An appreciation by Phillip Taylor MBE and Elizabeth Taylor of Richmond Green Chambers

In 300 pages, which must be a record for a serious statement of the problem which is criminal justice today, the 4 editors, Katherine Doolin, John Child, John Raine and Anthony Beech, have produced a highly readable statement on where we might be going with the criminal justice process in the next decade after years of legislative change.

There are 18 contributors to 'Whose Criminal justice?' and they have come together under the newly founded Birmingham Criminal and Community Justice Group (BCCJ Group) covering a range of areas including law, criminology, forensic psychology, social work and public management.
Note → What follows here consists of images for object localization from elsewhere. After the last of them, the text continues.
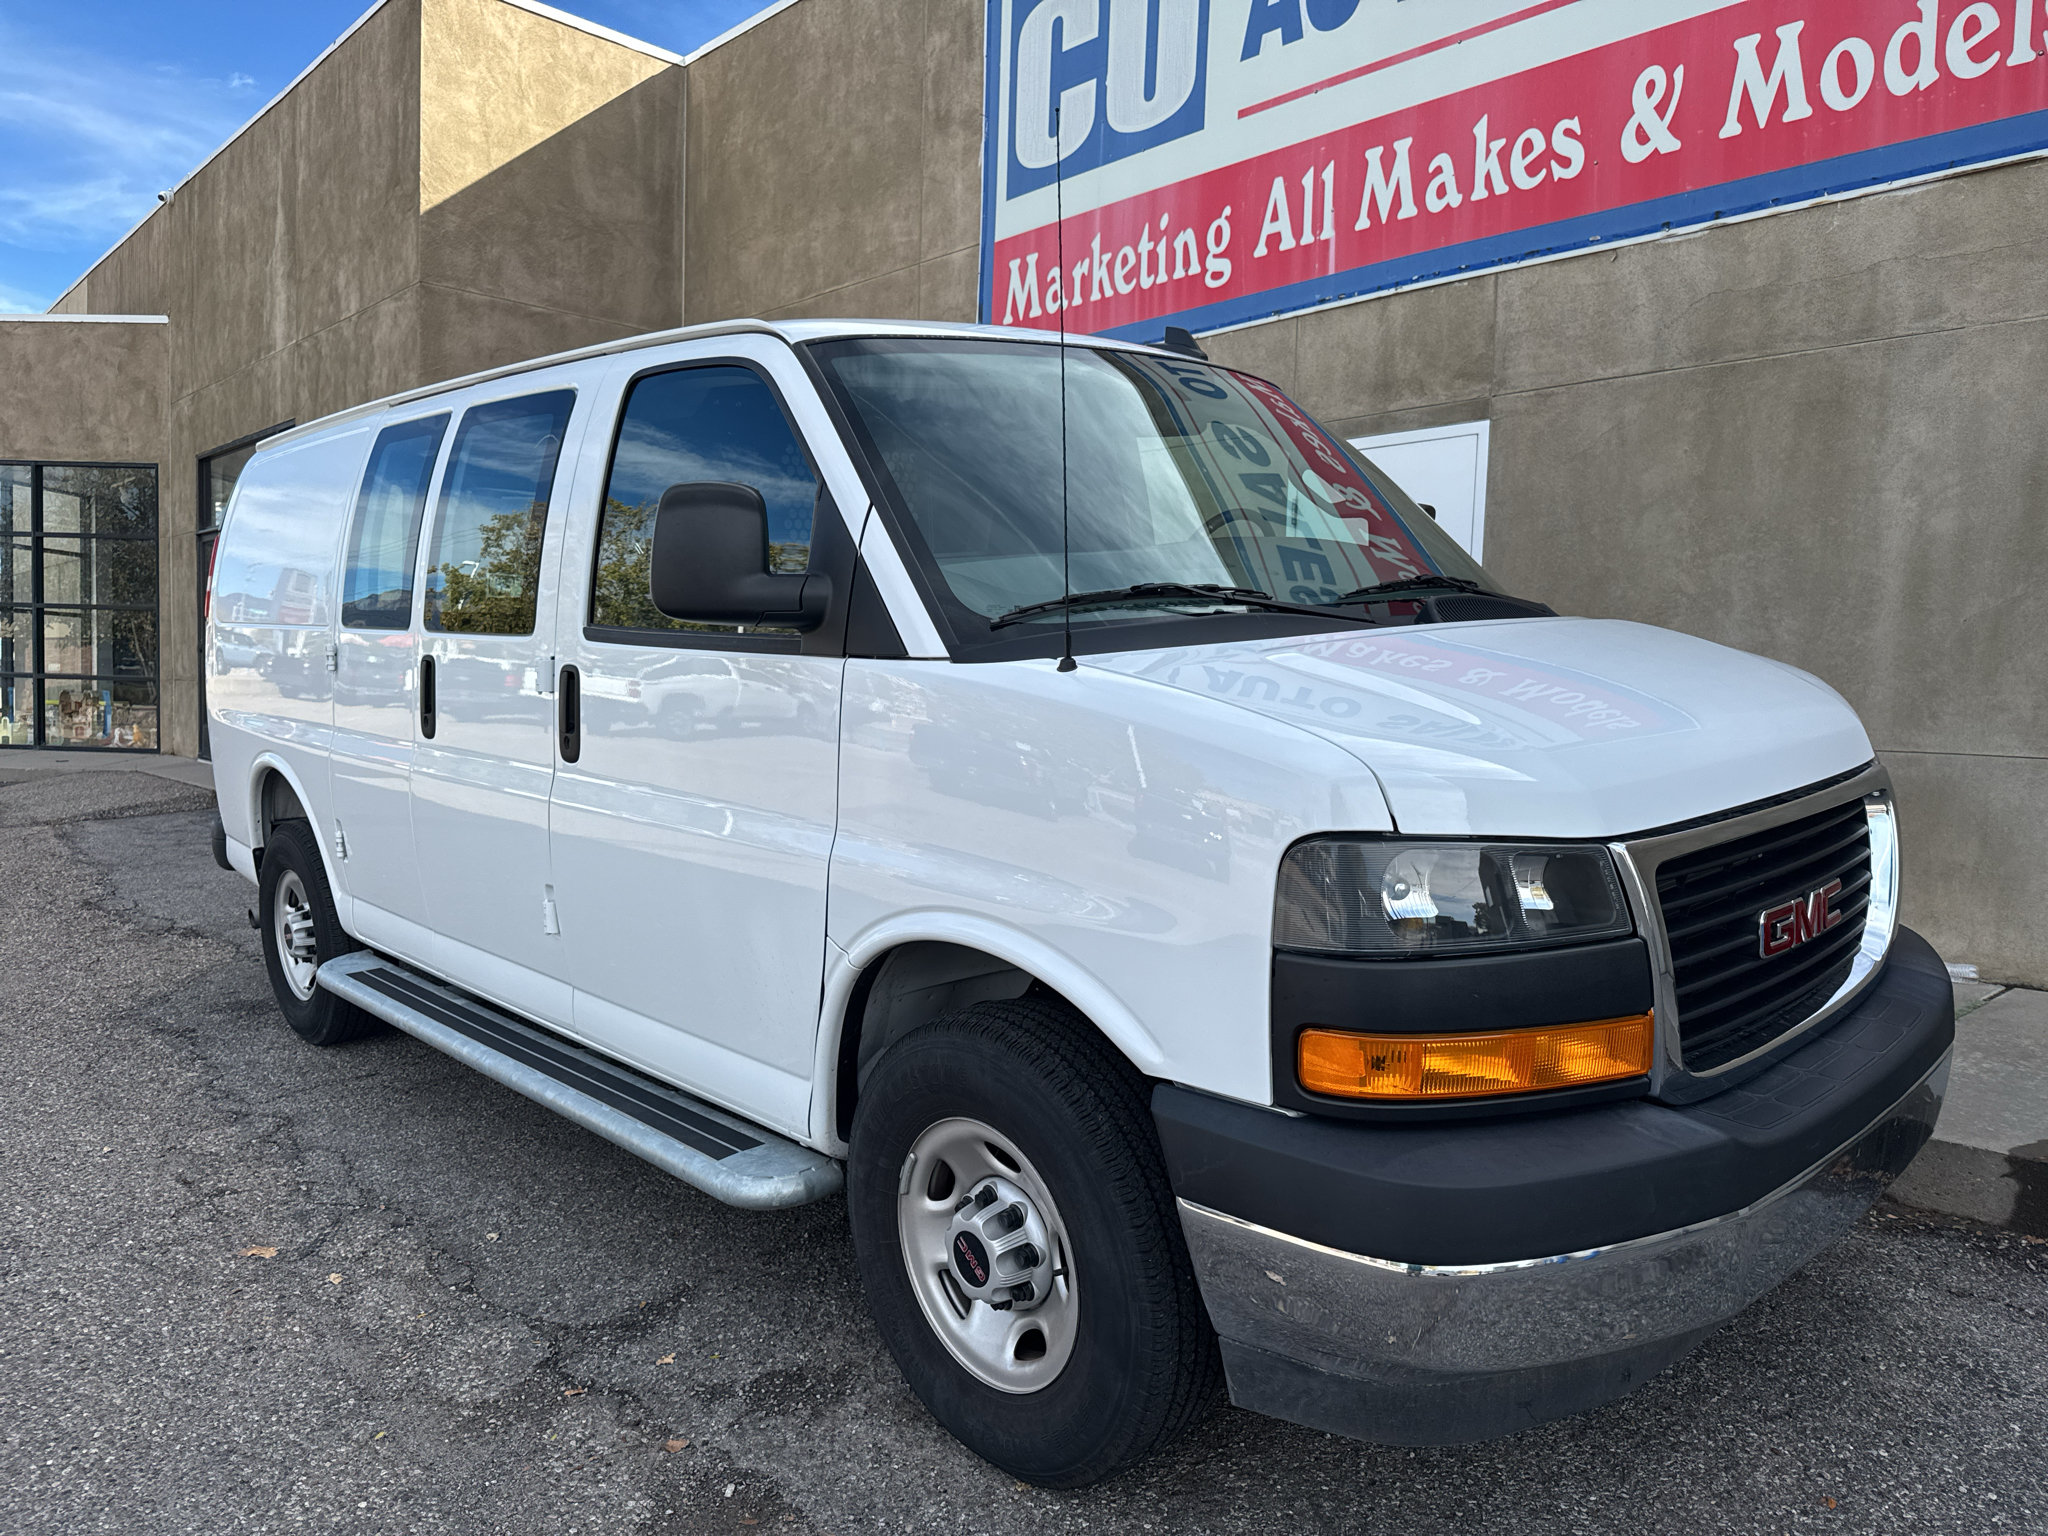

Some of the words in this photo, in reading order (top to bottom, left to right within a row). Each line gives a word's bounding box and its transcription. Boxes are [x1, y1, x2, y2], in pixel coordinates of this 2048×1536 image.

[1015, 0, 1198, 169] CU
[1003, 205, 1232, 325] Marketing
[1253, 160, 1336, 259] All
[1354, 113, 1585, 233] Makes
[1620, 64, 1684, 164] &
[1718, 0, 2048, 139] Model
[1759, 877, 1843, 959] GMC
[956, 1235, 987, 1283] GMC
The overarching theme throughout the work is the balance between the role of central government in creating and shaping the regulatory framework of criminal justice, and the potential for communities at local level to become more involved and to exercise more responsibility for themselves in responding to crime and anti-social behaviour in their midst. And all this now under a new Coalition Government after years of single party political control of government, and the relative failures of many implemented measures.

The twin dynamics are examined in detail in the two main sections of the book. In Part I (The Regulatory State) through a series of case-studies, the authors examine how the central state has sought to address the risks and problems associated with crime and anti-social behaviour in modern times.

The authors consider the new context for law and order which has arisen and question how and why new sanctions were put in place to regulate particular kinds of behaviour.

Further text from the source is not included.